TASK REQUIREMENTS: Quote the entries word for word. Omit the pictures.

Referring expression grounding data
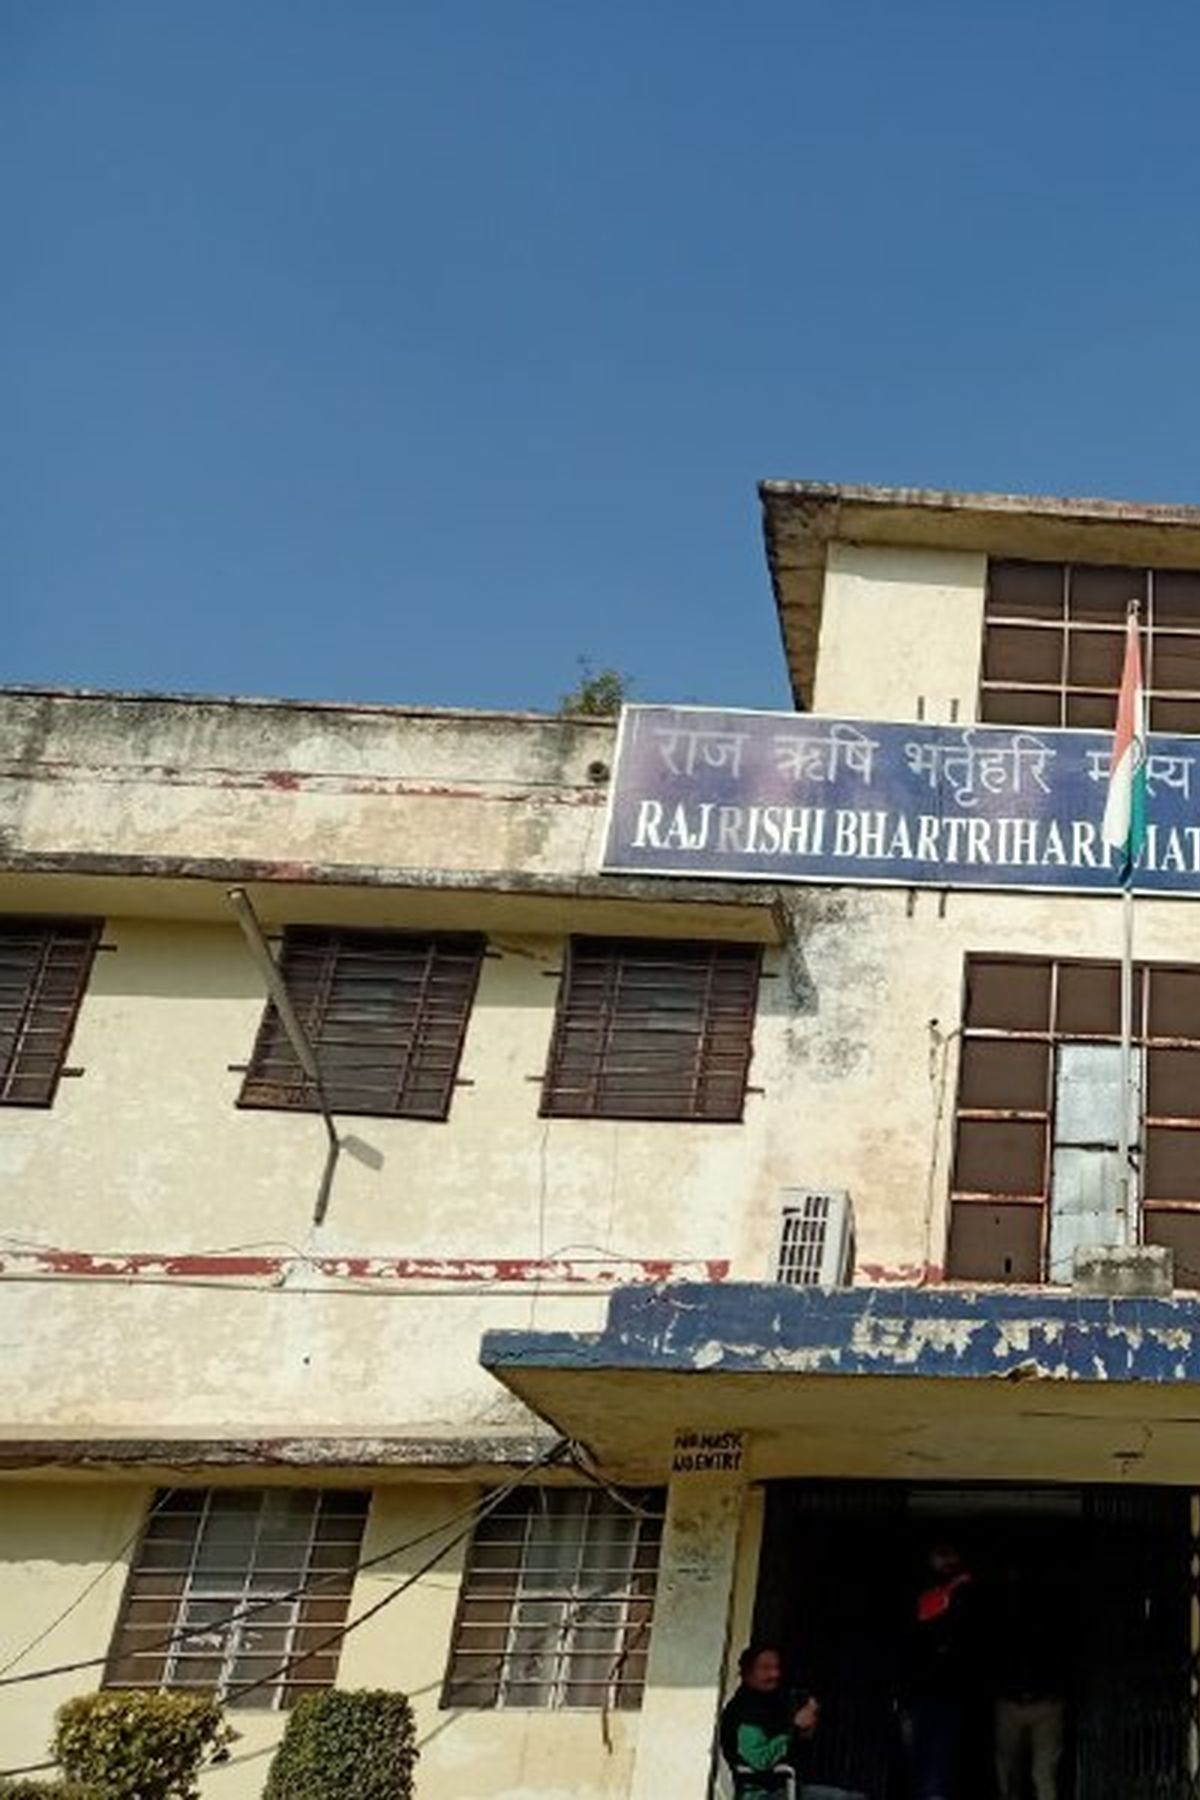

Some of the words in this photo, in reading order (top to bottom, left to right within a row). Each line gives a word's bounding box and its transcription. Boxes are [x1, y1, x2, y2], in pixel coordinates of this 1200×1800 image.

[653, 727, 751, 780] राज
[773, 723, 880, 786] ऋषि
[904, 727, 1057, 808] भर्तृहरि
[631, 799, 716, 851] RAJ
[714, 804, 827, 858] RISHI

ANSWER SECTION:
Some of the words in this photo, in reading order (top to bottom, left to right within a row). Each line gives a word's bounding box and its transcription. Boxes are [x1, y1, x2, y2], in pixel coordinates of this 1200×1800 image.

[653, 727, 751, 780] राज
[773, 723, 880, 786] ऋषि
[904, 727, 1057, 808] भर्तृहरि
[631, 799, 716, 851] RAJ
[714, 804, 827, 858] RISHI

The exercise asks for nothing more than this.